The Supremacy Demonstrated: In your Home and Work Part 1 (Col. 3:18-19)
How many of you have ever seen the reality show Extreme Makeover: Home Edition? I haven’t watched that show in a while, but the essence of it is about totally making over a struggling family’s house, including all rooms, exterior and landscaping, by a team of builders and designers in 7 days while the family goes off on vacation.
While the family is off to Disneyland or wherever, they are given a laptop to watch video messages and to see their current home be demolished. At this point, the family watches in amazement as a huge monster truck comes through and totally destroys their current home. Now my favorite part, without a doubt, is definitely when they bring the family back with the whole town waiting for them and a bus is covering the view of their new home. At this point, everyone says, “BUS DRIVER, MOVE THAT BUS!” The family then runs into their new house screaming and crying with joy.

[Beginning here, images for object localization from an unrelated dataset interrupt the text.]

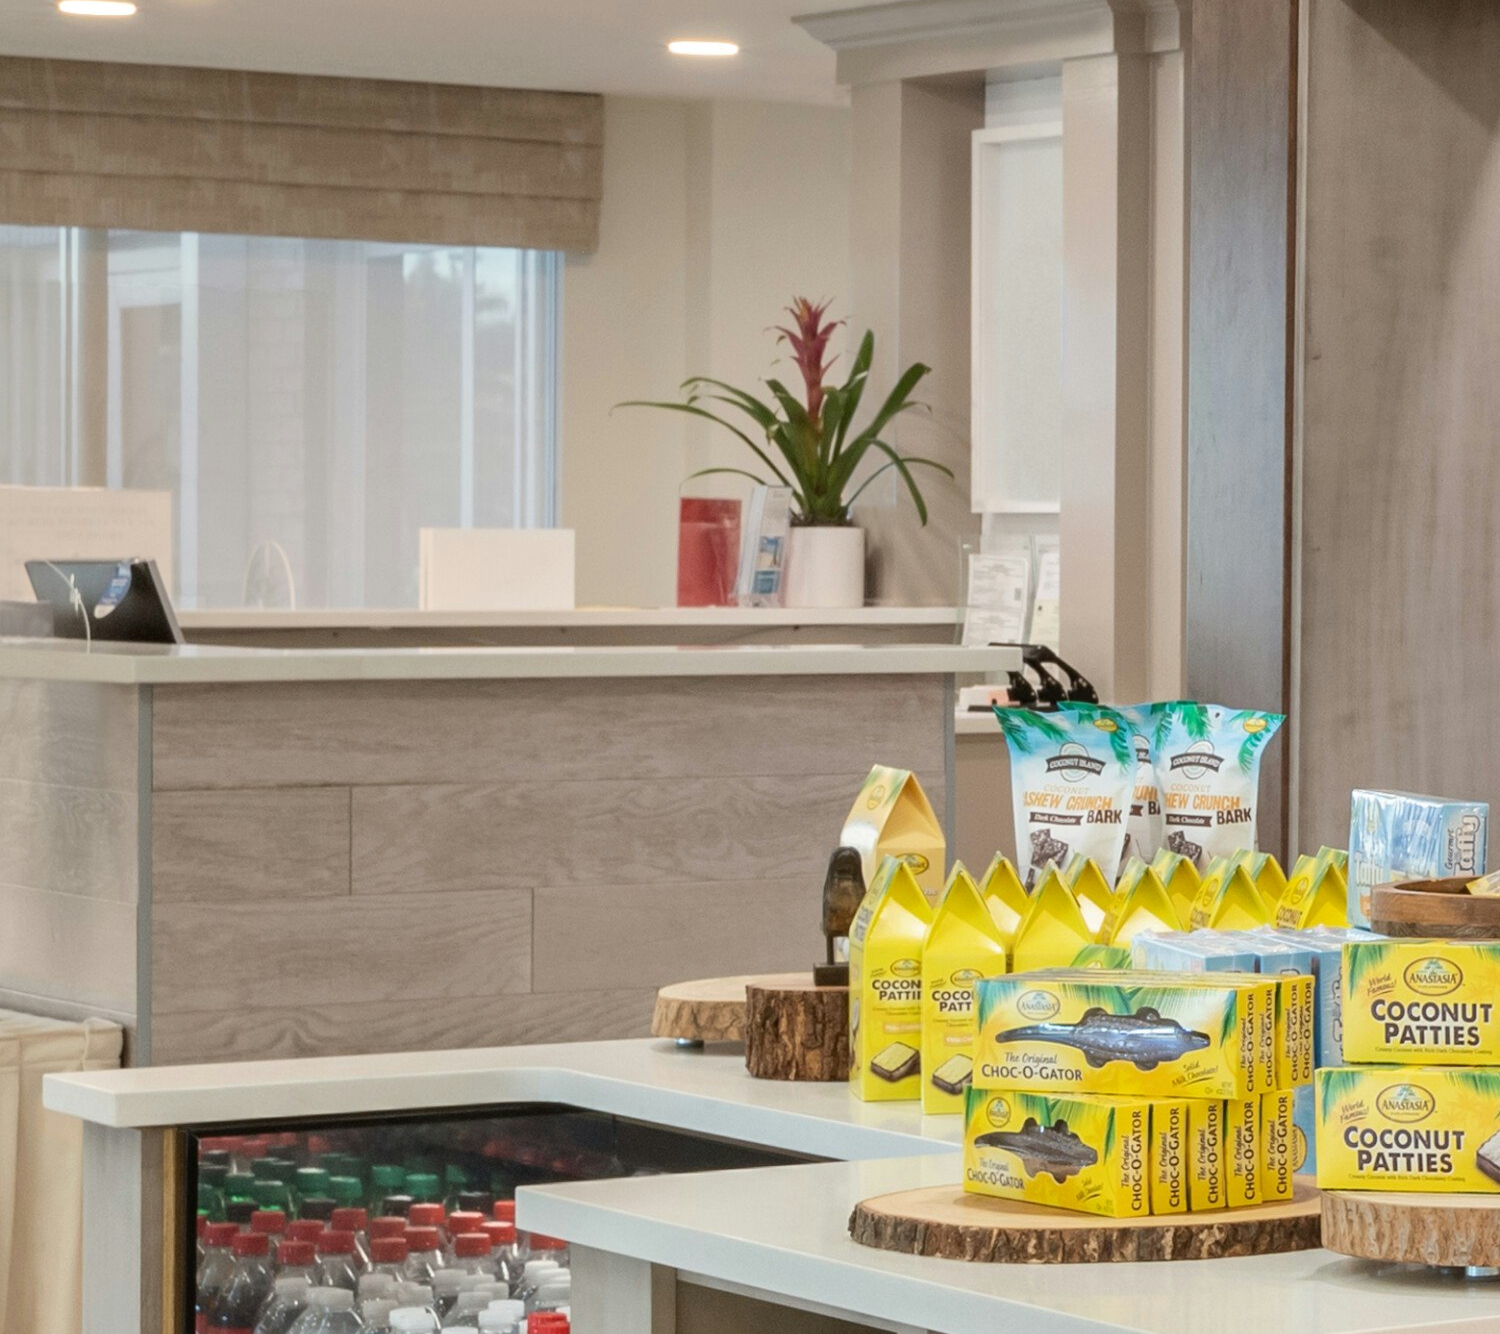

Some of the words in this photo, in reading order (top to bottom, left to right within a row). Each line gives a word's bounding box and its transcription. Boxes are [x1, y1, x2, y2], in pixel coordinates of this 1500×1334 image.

[1066, 793, 1112, 810] CRUNCH
[1192, 793, 1241, 810] CRUNCH
[1086, 809, 1123, 824] BARK
[1216, 808, 1252, 825] BARK
[871, 977, 922, 992] COCON
[1408, 972, 1458, 986] ANASTASIA
[938, 999, 972, 1014] PATT
[1370, 998, 1493, 1024] COCONUT
[1384, 1022, 1481, 1047] PATTIES
[1004, 1051, 1024, 1064] The
[1026, 1053, 1058, 1069] Original
[981, 1063, 1083, 1083] CHOC-O-GATOR
[1381, 1098, 1430, 1112] ANASTASIA
[1343, 1125, 1466, 1151] COCONUT
[1131, 1109, 1142, 1211] CHOC-O-GATOR
[1169, 1106, 1180, 1208] CHOC-O-GATOR
[1208, 1104, 1218, 1205] CHOC-O-GATOR
[1356, 1148, 1454, 1174] PATTIES

I have always wondered though, how are these families doing after the fact, like a year or 5 years or 10 years later? Because you and I both know very well, you can give somebody a house, but it is a different story to build a home right? Once the show is over and cameras are gone, how are they going to live?

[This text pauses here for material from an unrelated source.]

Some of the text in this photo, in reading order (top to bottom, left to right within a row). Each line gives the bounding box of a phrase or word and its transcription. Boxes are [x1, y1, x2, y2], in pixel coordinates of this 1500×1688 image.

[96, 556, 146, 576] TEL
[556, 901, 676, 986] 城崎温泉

With the early church at Colossae, Paul wanted the believers to see that the Supremacy of Jesus Christ is not just a Sunday thing or something abstract and out there, but something that pervades every area of their lives; something very real that funnels into even your home. Jesus is about doing an extreme makeover of your entire life and relationships. When you become a believer, He bulldozes through and destroys everything not of him and then doesn’t just leave you to figure out what to do, but takes residence and precedence in your home and life.
Christianity in that culture was so radical. William Barclay in his commentary, says that,
“Under Jewish law a woman was a thing, the possession of her husband, just as much as his house or his flocks or his material goods. She had no legal rights whatever. For instance, under Jewish law, a husband could divorce his wife for any cause, while a wife had no rights whatever in the initiation of divorce; and the only grounds on which a divorce might be awarded her were if her husband developed leprosy, became an apostate or ravished a virgin. In Greek society a respectable woman lived a life of entire seclusion. She never appeared on the streets alone, not even to go marketing. She lived in the women’s apartments and did not join her menfolk even for meals. From her there was demanded complete servitude and chastity; but her husband could go out as much as he chose and could enter into as many relationships outside marriage as he liked without incurring any stigma. Under both Jewish and Greek laws and custom all the privileges belonged to the husband and all the duties to the wife.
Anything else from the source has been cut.